Characteristics of the victims

An analysis of empirical data on rape victims where the perpetrator was a juvenile shows that these are mainly acts directed against one person. Four cases involved the gang rape of two victims. During the course of the case, it was possible to establish that one in five minors had committed similar acts before, but they were not reported by the victims.

In most cases, the victims were female - 83%, male - 13%, and male and female in 4% of the cases due to there being multiple victims.

An analysis of data on the age of the victims shows that one-third of the victims were younger than the juvenile and were under the age of 15 at the time of the incident. About 17% of the victims were peers, ¼ were several years older than the juvenile, and almost one in four victims were many years older.

The literature emphasizes the fact of the perpetrator’s prior acquaintance with the victim. Among the minors surveyed, more than half (57%) knew their victims very well. 2% of the juveniles were related to their victim, 4% were neighbours and 48% were well acquainted. One in seven minors (15%) knew the victim poorly or by sight, and in 28% the victim was a stranger.

More often than not, the victims of rape by minors were people to whom they had easy access or who they as judged less credible, for example, due to intellectual disabilities or mental illness. People with a negative social reputation in the community, i.e. the homeless, addicts, or those leading promiscuous sex lives, were also more likely to be targeted. The third group that became apparent were residents of orphanages, and educational centres, i.e. people with reduced social support who are under the care of institutions.

Limitations to the study

Due to the small number of analyses of the effectiveness of corrective measures taken against minors, it would be worthwhile to collect such data in a systematic way in order to be able to verify the effectiveness of the measures taken.

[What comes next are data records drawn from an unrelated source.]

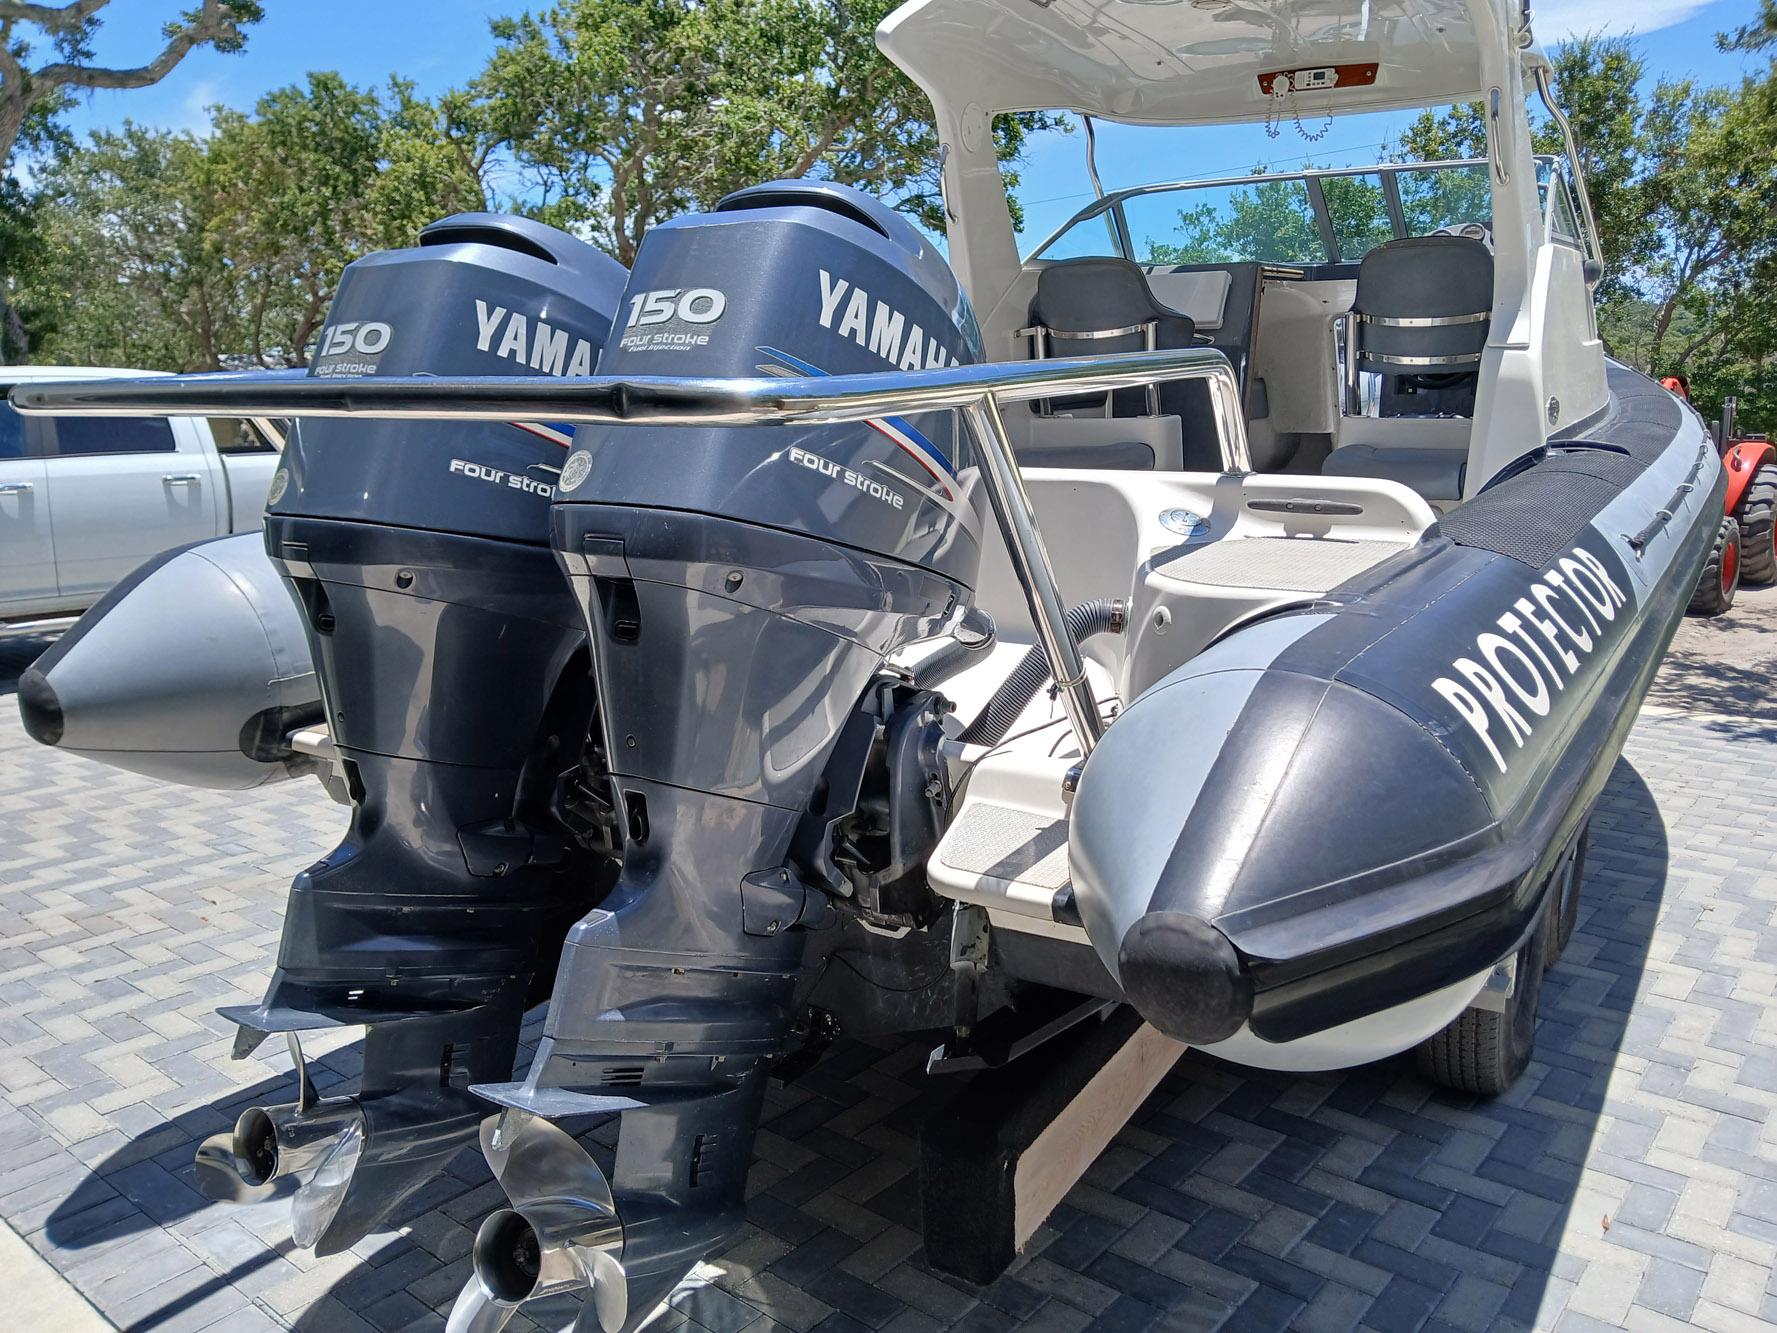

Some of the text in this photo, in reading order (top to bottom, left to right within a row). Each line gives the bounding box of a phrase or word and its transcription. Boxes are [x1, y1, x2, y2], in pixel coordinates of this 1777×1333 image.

[320, 322, 391, 356] 150
[475, 299, 603, 376] YAMA
[627, 288, 726, 328] 150
[819, 269, 959, 371] YAMAH
[1431, 547, 1627, 774] PROTECTOR
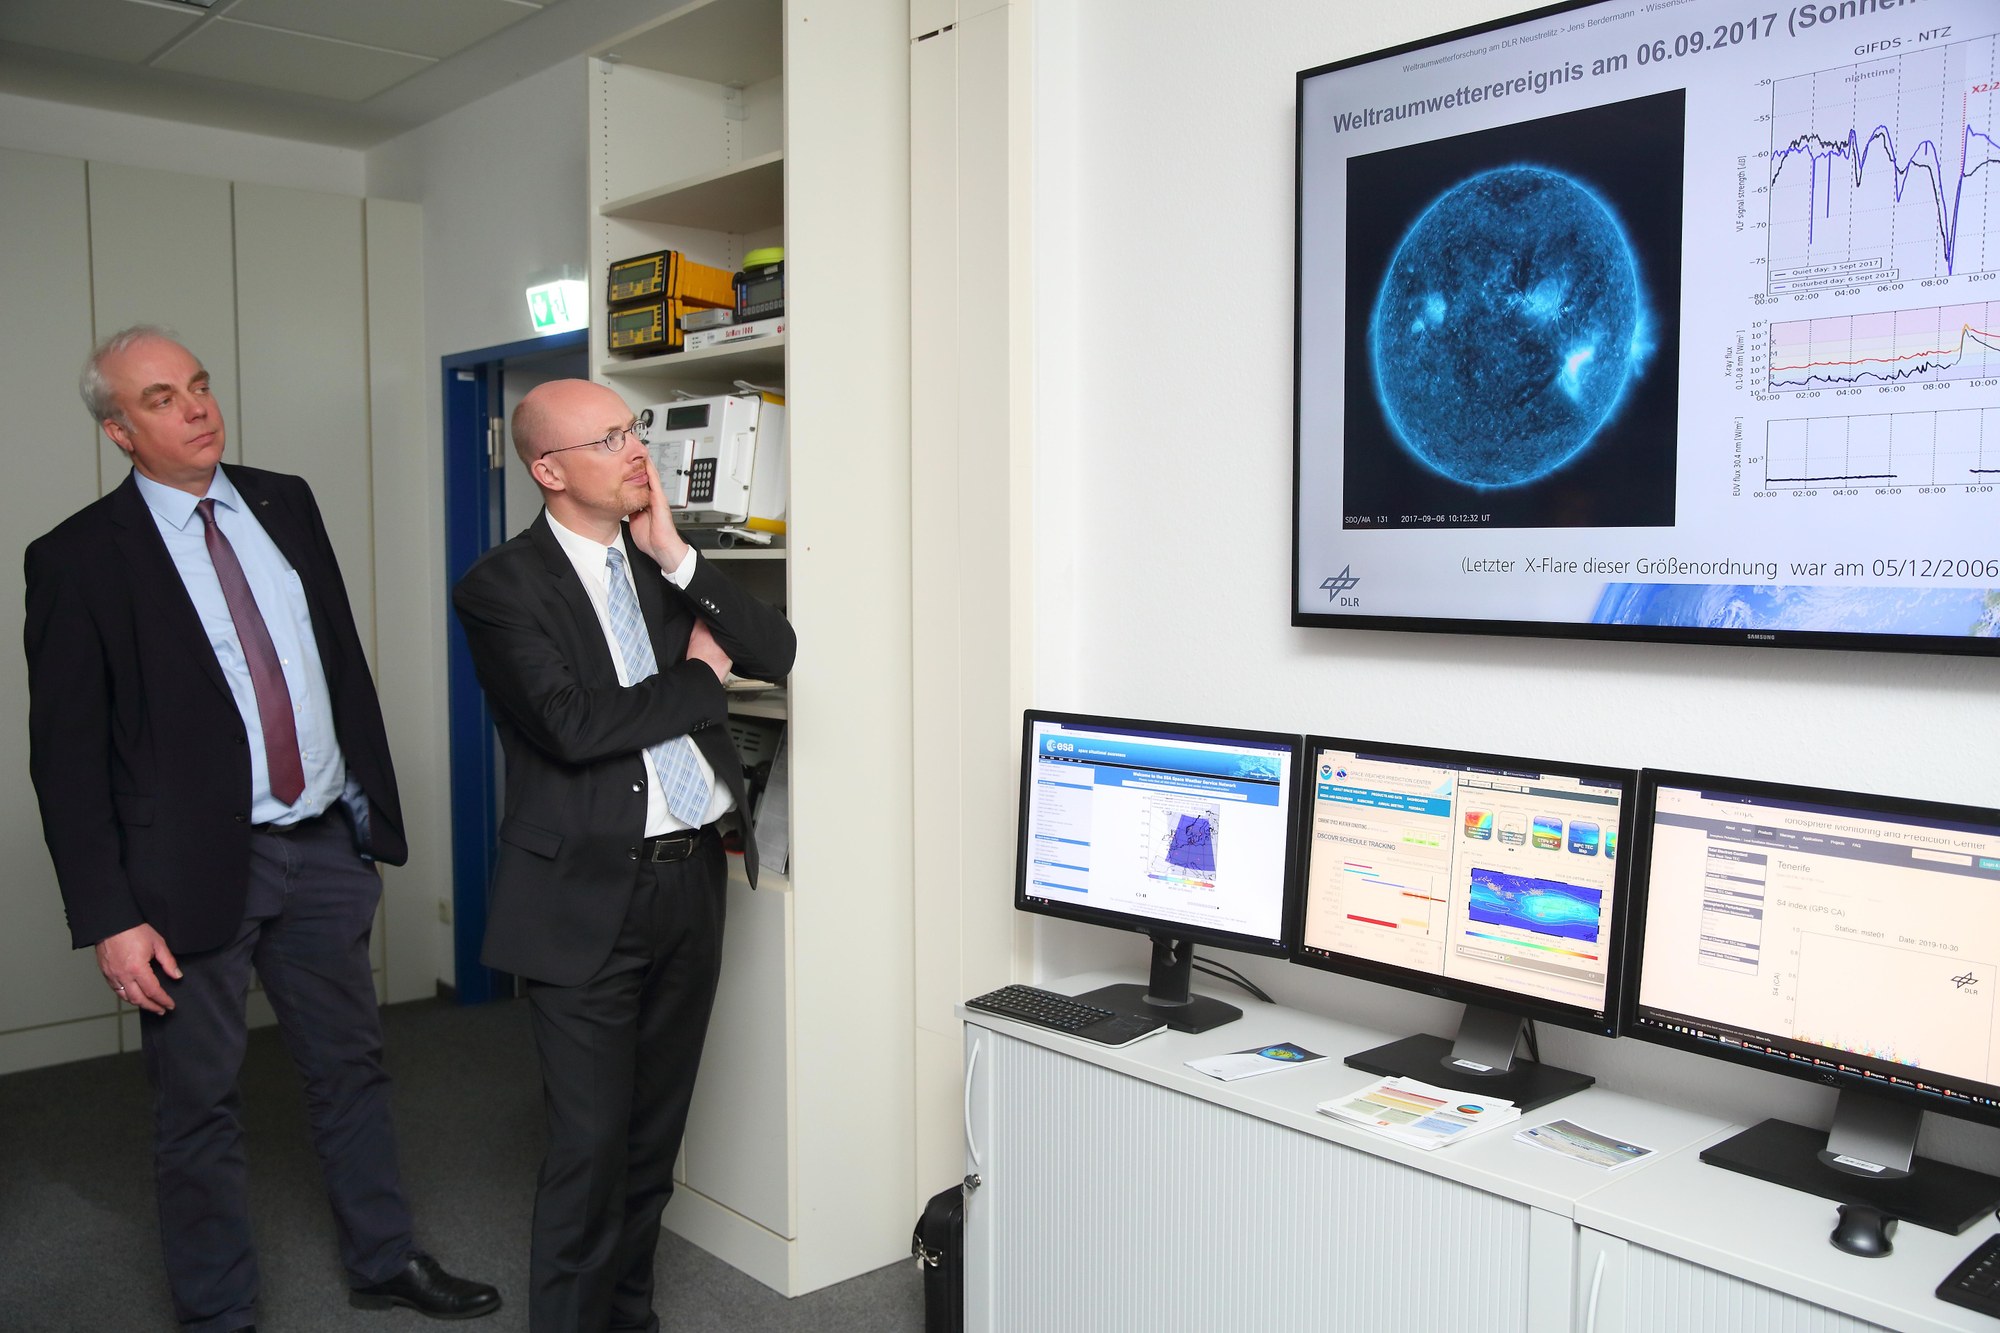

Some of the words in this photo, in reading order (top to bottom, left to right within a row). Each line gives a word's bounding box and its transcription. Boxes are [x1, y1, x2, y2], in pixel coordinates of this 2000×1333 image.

[1402, 46, 1488, 73] Weltraumwetterforschung
[1488, 44, 1500, 53] am
[1501, 38, 1518, 49] DLR
[1519, 29, 1558, 45] Neustrelitz
[1566, 22, 1585, 33] Jens
[1587, 9, 1635, 28] Berdermann
[1854, 37, 1901, 56] GIFDS
[1918, 26, 1952, 42] NTZ
[1333, 61, 1584, 134] Weltraumwetterereignis
[1591, 52, 1628, 76] am
[1637, 12, 1778, 66] 06.09.2017
[1844, 67, 1895, 83] nighttime
[1737, 171, 1747, 199] strength
[1736, 199, 1747, 219] signal
[1736, 219, 1744, 233] VLF
[1792, 267, 1812, 276] Quiet
[1814, 265, 1830, 275] day:
[1839, 262, 1856, 271] Sept
[1858, 260, 1879, 268] 2017
[1791, 278, 1828, 289] Disturbed
[1829, 276, 1846, 286] day:
[1854, 273, 1873, 283] Sept
[1875, 271, 1895, 279] 2017
[1754, 297, 1779, 306] 00:00
[1794, 292, 1819, 301] 02:00
[1834, 288, 1861, 297] 04:00
[1877, 283, 1904, 293] 06:00
[1920, 278, 1949, 288] 08:00
[1967, 273, 1997, 282] 10:00
[1725, 346, 1733, 359] flux
[1725, 361, 1734, 377] X-ray
[1737, 355, 1744, 367] nm
[1735, 367, 1744, 390] 0.1-0.8
[1756, 394, 1780, 402] 00:00
[1796, 390, 1821, 399] 02:00
[1836, 387, 1862, 397] 04:00
[1878, 384, 1906, 394] 06:00
[1922, 381, 1951, 391] 08:00
[1968, 378, 1998, 388] 10:00
[1735, 441, 1742, 453] nm
[1733, 454, 1741, 468] 30.4
[1733, 469, 1741, 482] flux
[1732, 483, 1741, 497] EUV
[1832, 488, 1859, 497] 04:00
[1875, 486, 1902, 496] 06:00
[1918, 485, 1946, 495] 08:00
[1964, 485, 1994, 494] 10:00
[1344, 515, 1371, 525] SDO/AIA
[1376, 515, 1388, 523] 131
[1400, 515, 1445, 523] 2017-09-06
[1448, 514, 1479, 522] 10:12:32
[1481, 514, 1491, 522] UT
[1461, 556, 1516, 575] (Letzter
[1524, 557, 1578, 574] X-Flare
[1583, 557, 1631, 575] dieser
[1636, 557, 1778, 580] Größenordnung
[1790, 562, 1827, 577] war
[1833, 562, 1864, 577] am
[1872, 559, 2000, 578] 05/12/2006
[1340, 597, 1360, 607] DLR
[1057, 742, 1074, 752] esa
[1317, 832, 1339, 843] DSCOVR
[1339, 835, 1368, 848] SCHEDULE
[1368, 839, 1396, 851] TRACKING
[1776, 860, 1811, 874] Tenerife
[1776, 899, 1787, 907] S4
[1788, 901, 1808, 912] index
[1809, 904, 1829, 915] (GPS
[1830, 907, 1846, 918] CA)
[1834, 924, 1859, 935] Station:
[1898, 935, 1918, 946] Date:
[1918, 939, 1959, 953] 2019-10-30
[1964, 987, 1979, 996] DLR

It would be important in the future to expand the research to include interviews with minors.


The cases analysed represent specific research material, as they involve the crime of rape with particular cruelty committed by minors. Although 46 cases were investigated, the collected empirical material made it possible to draw important conclusions about possible directions of further research, interactions with minors, and possible preventive measures.

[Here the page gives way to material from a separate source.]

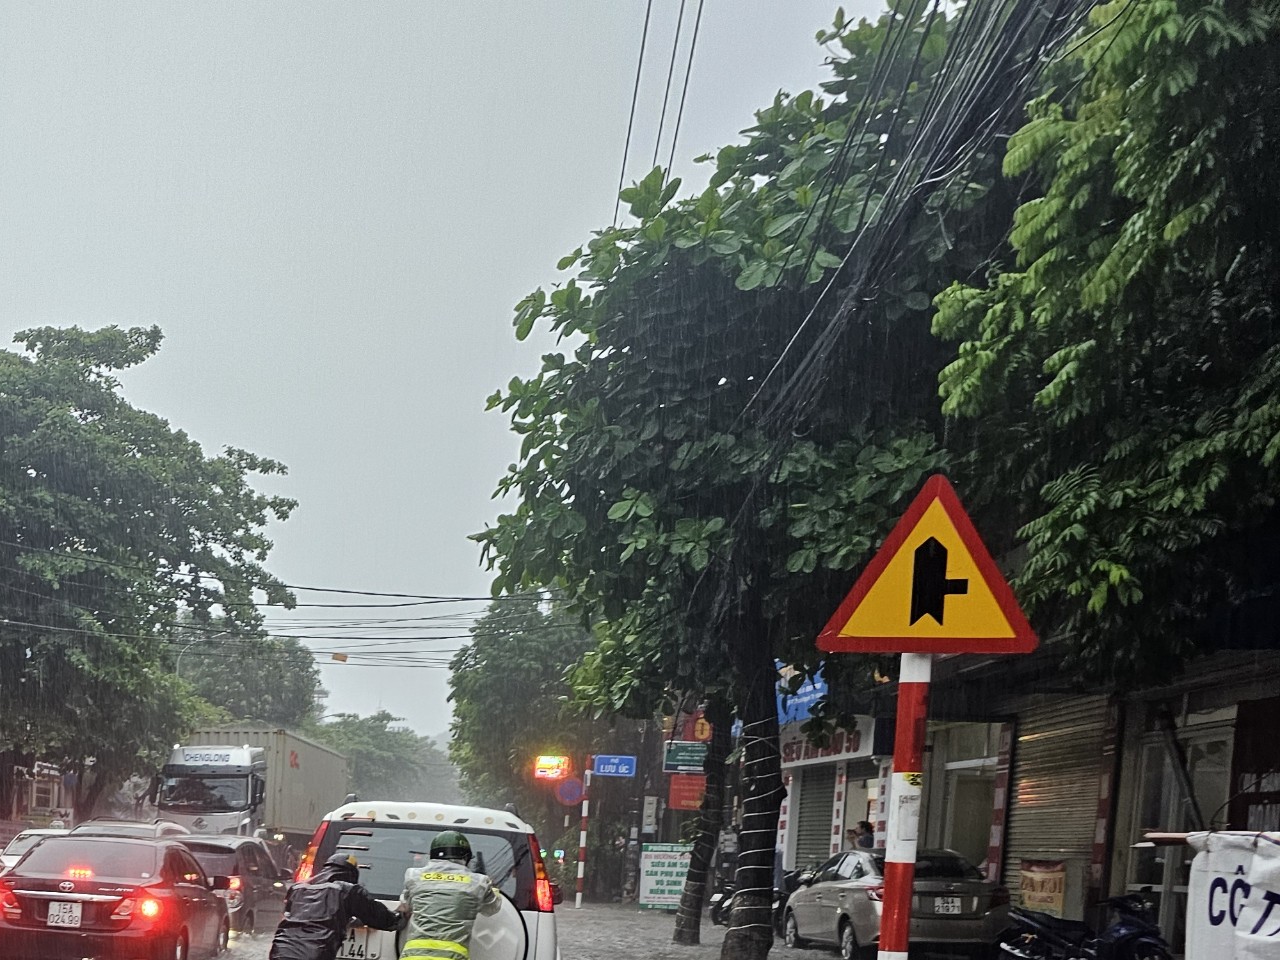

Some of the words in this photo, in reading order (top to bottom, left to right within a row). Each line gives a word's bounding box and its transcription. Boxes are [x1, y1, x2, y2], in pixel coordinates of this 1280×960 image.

[184, 753, 231, 763] CHENGLONG
[423, 873, 465, 882] C.S.G.T
[57, 903, 74, 915] 15A

An important observation seems to be the lack of in-depth and sufficient information about the juvenile’s functioning, not all juveniles were surveyed. In cases involving the crime of rape with particular cruelty by a person so young, where often the victims are under 15 years of age, a sexological examination also seems important, which was lacking in these cases. The information gathered, including psychiatric, psychological, or sexological diagnoses, can serve both to make further prognoses and to adjust appropriate modes of influence.

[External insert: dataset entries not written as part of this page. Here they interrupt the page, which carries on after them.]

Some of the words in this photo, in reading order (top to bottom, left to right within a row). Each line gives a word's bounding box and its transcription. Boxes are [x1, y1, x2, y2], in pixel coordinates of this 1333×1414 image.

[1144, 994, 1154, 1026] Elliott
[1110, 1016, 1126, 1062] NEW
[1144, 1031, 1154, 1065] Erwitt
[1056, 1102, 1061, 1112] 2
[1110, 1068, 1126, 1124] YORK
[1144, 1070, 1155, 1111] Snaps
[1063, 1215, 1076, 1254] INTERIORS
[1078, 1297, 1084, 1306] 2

In conclusion, it should be emphasized that juveniles who were held liable as adults and were sentenced to imprisonment are serving their sentences in the therapeutic system. In-depth corrective interactions are also applied to minors who have been placed in a correctional facility. As mentioned earlier, there is a lack of accurate analyses showing the methods and quality of these influences, however, some are underway. However, attention should be paid to juveniles, against whom, mainly in guardianship proceedings but also in correctional proceedings, when a stay at a correctional institution is adjudged and suspended, no corrective or therapeutic measures are applied. It seems important that such measures be taken if only to correct a minor’s existing beliefs about the sexual sphere, subjectivity, or empathy [11,12].

What is characteristic of juvenile perpetrators of rape with particular cruelty is that they act in a group. Victims of rape by juveniles were people to whom they had easy access, for example, due to intellectual disability or mental illness, people without support in the immediate family under institutional care. Most of the victims knew the perpetrators. An analysis of the data on the families of the minors indicates that they are very often dysfunctional and juveniles were already showing symptoms of demoralization prior to the rape.